The tax rate reduction and the special depreciation are among the tax policy strategies for reducing the tax burden. The corporate tax burden is permanently reduced by the tax rate reduction. Temporarily, however, companies can be relieved by special depreciation. We explain the impact of the methods and companies can consider them in their choice of location.
2. On these factors depends location attractiveness
The choice of location depends not only on taxes. The supply of qualified workers, customer proximity, wage levels and infrastructure are also of great importance. In addition, the stability of the political and regulatory regime is also crucial.
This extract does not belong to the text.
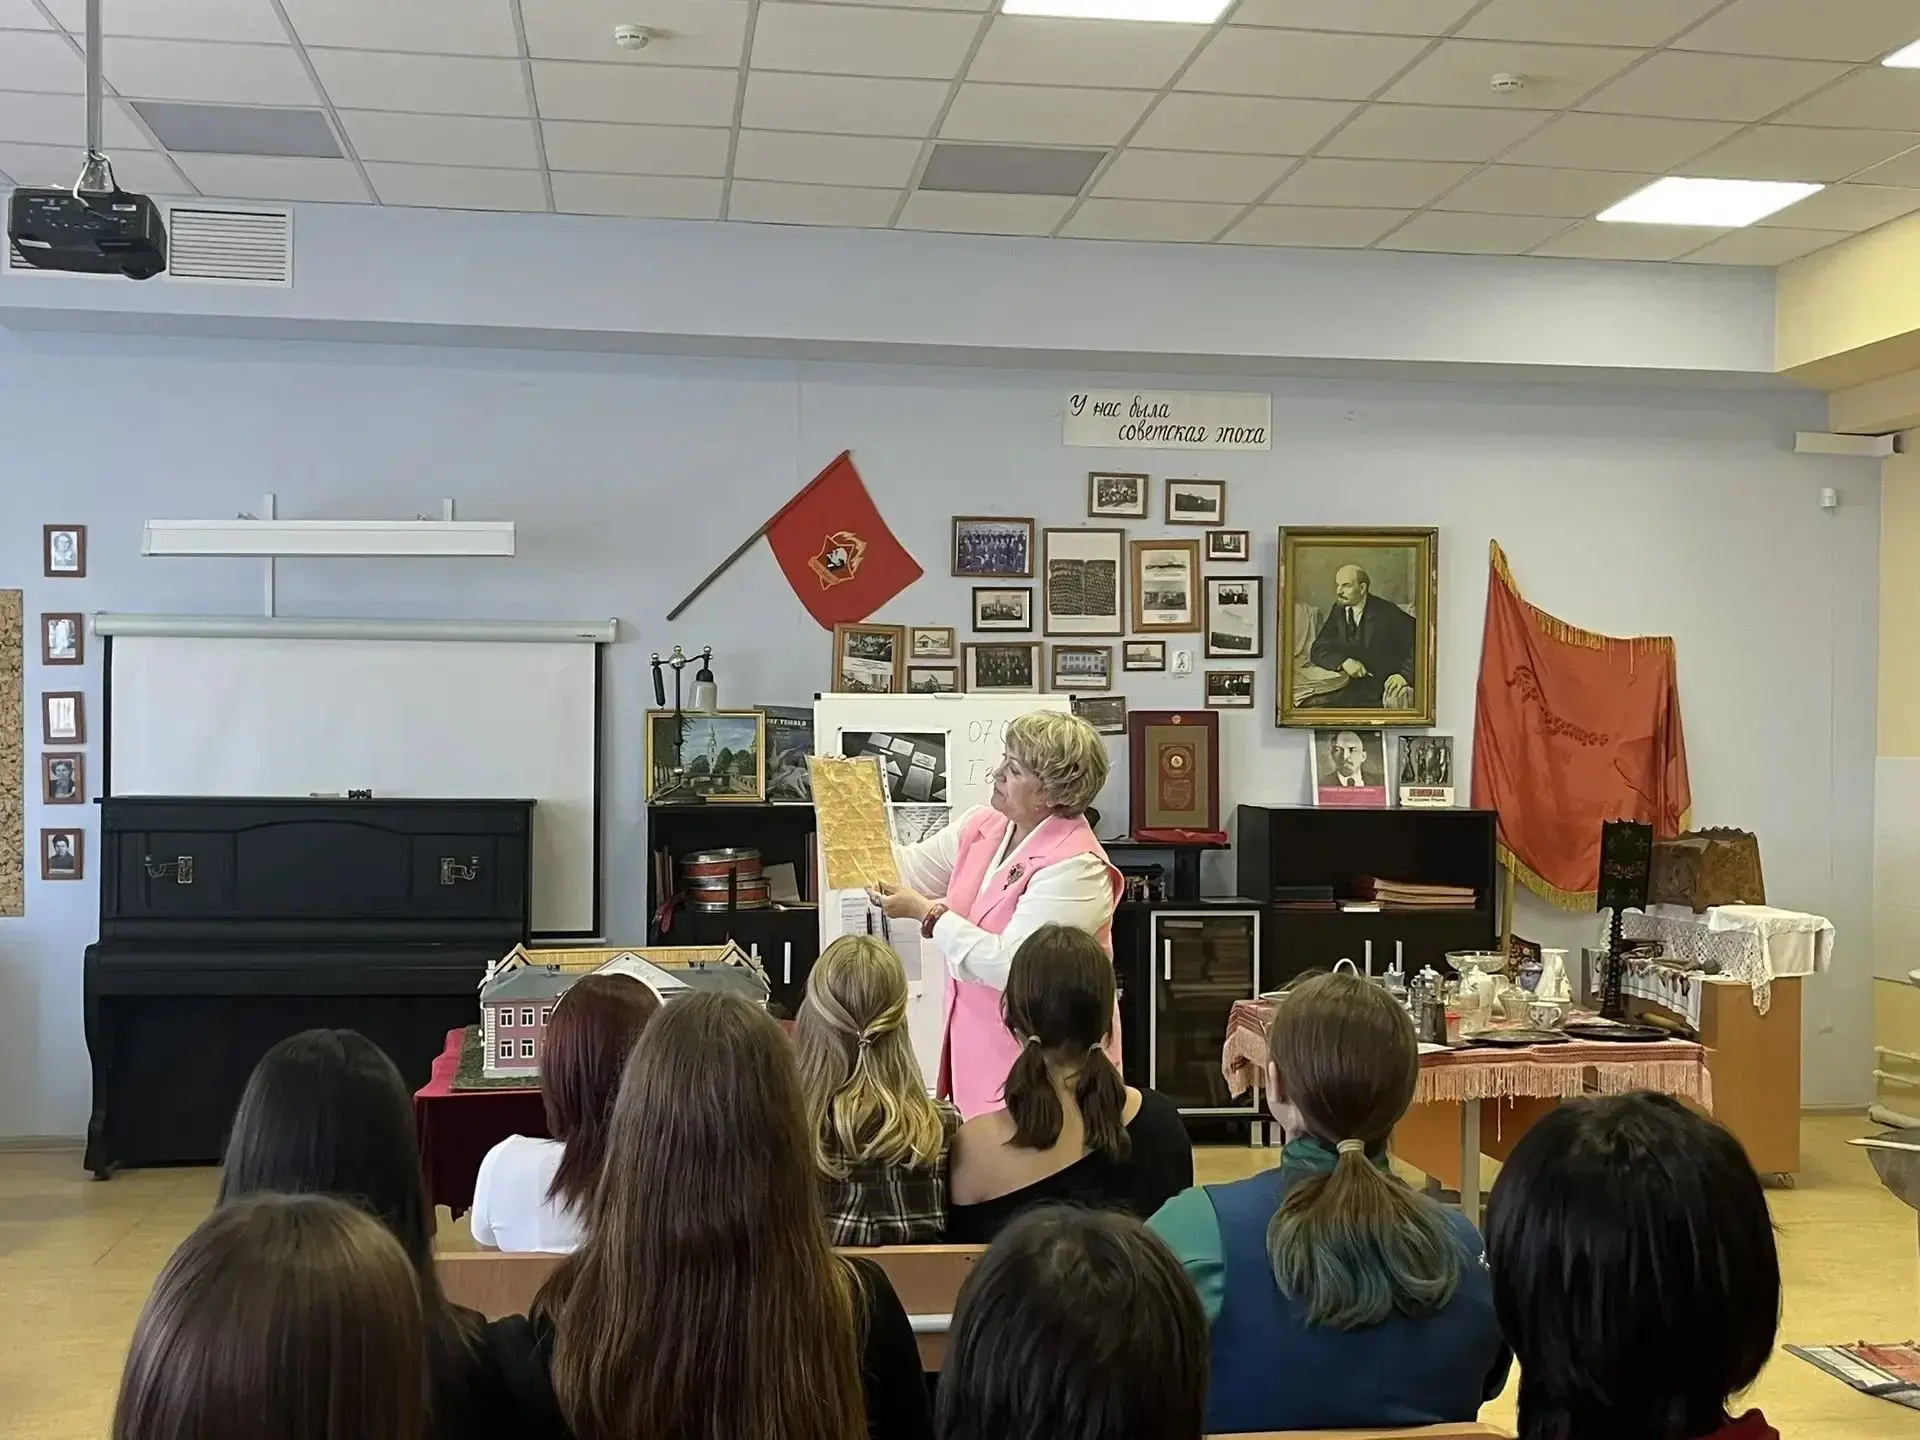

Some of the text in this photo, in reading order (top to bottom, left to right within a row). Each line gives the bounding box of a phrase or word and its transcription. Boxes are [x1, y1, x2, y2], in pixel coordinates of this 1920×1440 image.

In Germany, the strengths lie in the areas of innovation capability, macroeconomic stability, workforce, market size and infrastructure. There are weaknesses in the financial system and health. The lack of infrastructure is also often criticised. Germany is also rather poor in the tax-relevant factors of bureaucracy costs, the distortion of the product market and the tax burden. Therefore, the tax rate reduction and the granting of special depreciations can make Germany more attractive. Another problem is organised crime. There are major problems, particularly in relation to money laundering.
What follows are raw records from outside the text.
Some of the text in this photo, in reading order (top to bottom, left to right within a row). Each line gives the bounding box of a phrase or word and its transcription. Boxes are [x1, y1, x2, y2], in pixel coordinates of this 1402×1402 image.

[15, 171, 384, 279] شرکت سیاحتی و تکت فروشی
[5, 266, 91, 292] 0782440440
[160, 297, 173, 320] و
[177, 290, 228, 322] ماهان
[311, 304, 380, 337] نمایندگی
3. special depreciation generally preferable over tax rate reduction
Special depreciation can be used by the state in particular to promote investment. This allows deficits to be compensated precisely, effectively and cost-effectively. Therefore, better investment incentives can be provided than a permanent reduction in corporate tax rates.
Special depreciations are currently granted, especially in the areas of climate protection and digitalisation. In this case, however, an inefficient use of the means is to be prevented. The special depreciation therefore serves solely to promote private investment. Therefore, only companies that also make subsidized investments benefit. In view of the still very favourable refinancing conditions of the public sector, the support is therefore more cost-effective than a permanent reduction in the rate of corporate taxation. In view of the objective of promoting investment in durable assets, special depreciation is thus much more effective than reducing corporate tax rates.
4th tax rate reduction
Companies can also be supported by lowering corporate tax rates. It is true that this will significantly benefit the companies in the long term. However, investments are not targeted. On the other hand, incentives can be provided for investments in which everyone participates. Therefore, a pure reduction of the corporate tax burden in Germany is not a suitable instrument for sustainable improvement of location attractiveness. Rather, it would be for companies and business to combine better special depreciation and tax rate reductions efficiently. However, a reduction in corporate tax rates is likely to put pressure on European competitors in particular and thus trigger another round in the tax cut race. This creates increasing wealth inequality and income inequality.
This article does not replace tax or legal advice in an individual case. Facts, current law, jurisdiction, documentation and implementation remain decisive.